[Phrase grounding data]
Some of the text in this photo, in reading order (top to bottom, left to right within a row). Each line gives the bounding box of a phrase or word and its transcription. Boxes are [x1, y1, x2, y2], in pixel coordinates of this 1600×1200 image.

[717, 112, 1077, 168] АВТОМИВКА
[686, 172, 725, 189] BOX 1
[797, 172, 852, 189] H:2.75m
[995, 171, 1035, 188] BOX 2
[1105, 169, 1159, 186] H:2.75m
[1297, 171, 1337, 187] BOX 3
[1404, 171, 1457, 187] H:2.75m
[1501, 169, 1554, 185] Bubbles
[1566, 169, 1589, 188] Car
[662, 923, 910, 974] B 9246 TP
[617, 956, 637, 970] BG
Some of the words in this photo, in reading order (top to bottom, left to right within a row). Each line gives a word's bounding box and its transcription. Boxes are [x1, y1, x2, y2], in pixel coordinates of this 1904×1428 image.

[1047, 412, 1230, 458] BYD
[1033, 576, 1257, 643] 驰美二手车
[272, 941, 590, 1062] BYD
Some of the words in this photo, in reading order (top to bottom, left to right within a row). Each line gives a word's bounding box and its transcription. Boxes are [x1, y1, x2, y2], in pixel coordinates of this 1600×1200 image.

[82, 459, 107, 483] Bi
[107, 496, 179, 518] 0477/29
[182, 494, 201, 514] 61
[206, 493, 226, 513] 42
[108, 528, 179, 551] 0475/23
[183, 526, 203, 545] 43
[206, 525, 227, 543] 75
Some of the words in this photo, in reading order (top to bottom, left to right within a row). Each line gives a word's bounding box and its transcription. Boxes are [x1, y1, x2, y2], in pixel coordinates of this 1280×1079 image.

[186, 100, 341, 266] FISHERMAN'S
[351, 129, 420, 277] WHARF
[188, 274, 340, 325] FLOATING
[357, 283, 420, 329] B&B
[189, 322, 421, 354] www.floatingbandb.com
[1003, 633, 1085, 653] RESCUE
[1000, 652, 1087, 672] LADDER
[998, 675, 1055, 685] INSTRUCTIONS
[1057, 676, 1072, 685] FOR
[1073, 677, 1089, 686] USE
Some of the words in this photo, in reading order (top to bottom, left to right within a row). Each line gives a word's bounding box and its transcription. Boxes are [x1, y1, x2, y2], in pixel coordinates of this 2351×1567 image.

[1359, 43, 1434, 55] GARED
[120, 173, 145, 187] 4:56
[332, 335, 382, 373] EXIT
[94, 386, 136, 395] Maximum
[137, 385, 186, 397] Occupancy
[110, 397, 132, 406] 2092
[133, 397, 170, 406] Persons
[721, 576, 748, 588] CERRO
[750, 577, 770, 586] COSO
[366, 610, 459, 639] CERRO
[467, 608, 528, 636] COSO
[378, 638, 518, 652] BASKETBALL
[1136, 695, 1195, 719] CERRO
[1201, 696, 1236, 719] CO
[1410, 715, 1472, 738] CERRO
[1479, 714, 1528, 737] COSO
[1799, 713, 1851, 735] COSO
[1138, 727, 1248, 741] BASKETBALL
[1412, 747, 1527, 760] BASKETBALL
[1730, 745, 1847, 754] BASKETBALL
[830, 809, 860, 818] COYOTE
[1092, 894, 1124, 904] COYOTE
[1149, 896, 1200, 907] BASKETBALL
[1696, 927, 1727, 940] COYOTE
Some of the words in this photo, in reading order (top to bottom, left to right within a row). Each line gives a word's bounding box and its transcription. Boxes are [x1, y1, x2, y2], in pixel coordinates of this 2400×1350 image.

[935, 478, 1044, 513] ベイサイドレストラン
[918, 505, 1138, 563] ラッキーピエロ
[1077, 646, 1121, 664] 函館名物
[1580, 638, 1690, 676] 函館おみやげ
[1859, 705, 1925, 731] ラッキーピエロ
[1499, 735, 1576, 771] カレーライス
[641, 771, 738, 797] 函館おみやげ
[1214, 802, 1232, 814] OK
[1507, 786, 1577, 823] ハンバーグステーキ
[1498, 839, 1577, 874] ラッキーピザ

= EXERCISE REQUIREMENTS =
Please copy out the preceding data in full, exactly as written.

= PROBLEM SOLUTION =
Some of the text in this photo, in reading order (top to bottom, left to right within a row). Each line gives the bounding box of a phrase or word and its transcription. Boxes are [x1, y1, x2, y2], in pixel coordinates of this 1600×1200 image.

[717, 112, 1077, 168] АВТОМИВКА
[686, 172, 725, 189] BOX 1
[797, 172, 852, 189] H:2.75m
[995, 171, 1035, 188] BOX 2
[1105, 169, 1159, 186] H:2.75m
[1297, 171, 1337, 187] BOX 3
[1404, 171, 1457, 187] H:2.75m
[1501, 169, 1554, 185] Bubbles
[1566, 169, 1589, 188] Car
[662, 923, 910, 974] B 9246 TP
[617, 956, 637, 970] BG
Some of the words in this photo, in reading order (top to bottom, left to right within a row). Each line gives a word's bounding box and its transcription. Boxes are [x1, y1, x2, y2], in pixel coordinates of this 1904×1428 image.

[1047, 412, 1230, 458] BYD
[1033, 576, 1257, 643] 驰美二手车
[272, 941, 590, 1062] BYD
Some of the words in this photo, in reading order (top to bottom, left to right within a row). Each line gives a word's bounding box and its transcription. Boxes are [x1, y1, x2, y2], in pixel coordinates of this 1600×1200 image.

[82, 459, 107, 483] Bi
[107, 496, 179, 518] 0477/29
[182, 494, 201, 514] 61
[206, 493, 226, 513] 42
[108, 528, 179, 551] 0475/23
[183, 526, 203, 545] 43
[206, 525, 227, 543] 75
Some of the words in this photo, in reading order (top to bottom, left to right within a row). Each line gives a word's bounding box and its transcription. Boxes are [x1, y1, x2, y2], in pixel coordinates of this 1280×1079 image.

[186, 100, 341, 266] FISHERMAN'S
[351, 129, 420, 277] WHARF
[188, 274, 340, 325] FLOATING
[357, 283, 420, 329] B&B
[189, 322, 421, 354] www.floatingbandb.com
[1003, 633, 1085, 653] RESCUE
[1000, 652, 1087, 672] LADDER
[998, 675, 1055, 685] INSTRUCTIONS
[1057, 676, 1072, 685] FOR
[1073, 677, 1089, 686] USE
Some of the words in this photo, in reading order (top to bottom, left to right within a row). Each line gives a word's bounding box and its transcription. Boxes are [x1, y1, x2, y2], in pixel coordinates of this 2351×1567 image.

[1359, 43, 1434, 55] GARED
[120, 173, 145, 187] 4:56
[332, 335, 382, 373] EXIT
[94, 386, 136, 395] Maximum
[137, 385, 186, 397] Occupancy
[110, 397, 132, 406] 2092
[133, 397, 170, 406] Persons
[721, 576, 748, 588] CERRO
[750, 577, 770, 586] COSO
[366, 610, 459, 639] CERRO
[467, 608, 528, 636] COSO
[378, 638, 518, 652] BASKETBALL
[1136, 695, 1195, 719] CERRO
[1201, 696, 1236, 719] CO
[1410, 715, 1472, 738] CERRO
[1479, 714, 1528, 737] COSO
[1799, 713, 1851, 735] COSO
[1138, 727, 1248, 741] BASKETBALL
[1412, 747, 1527, 760] BASKETBALL
[1730, 745, 1847, 754] BASKETBALL
[830, 809, 860, 818] COYOTE
[1092, 894, 1124, 904] COYOTE
[1149, 896, 1200, 907] BASKETBALL
[1696, 927, 1727, 940] COYOTE
Some of the words in this photo, in reading order (top to bottom, left to right within a row). Each line gives a word's bounding box and its transcription. Boxes are [x1, y1, x2, y2], in pixel coordinates of this 2400×1350 image.

[935, 478, 1044, 513] ベイサイドレストラン
[918, 505, 1138, 563] ラッキーピエロ
[1077, 646, 1121, 664] 函館名物
[1580, 638, 1690, 676] 函館おみやげ
[1859, 705, 1925, 731] ラッキーピエロ
[1499, 735, 1576, 771] カレーライス
[641, 771, 738, 797] 函館おみやげ
[1214, 802, 1232, 814] OK
[1507, 786, 1577, 823] ハンバーグステーキ
[1498, 839, 1577, 874] ラッキーピザ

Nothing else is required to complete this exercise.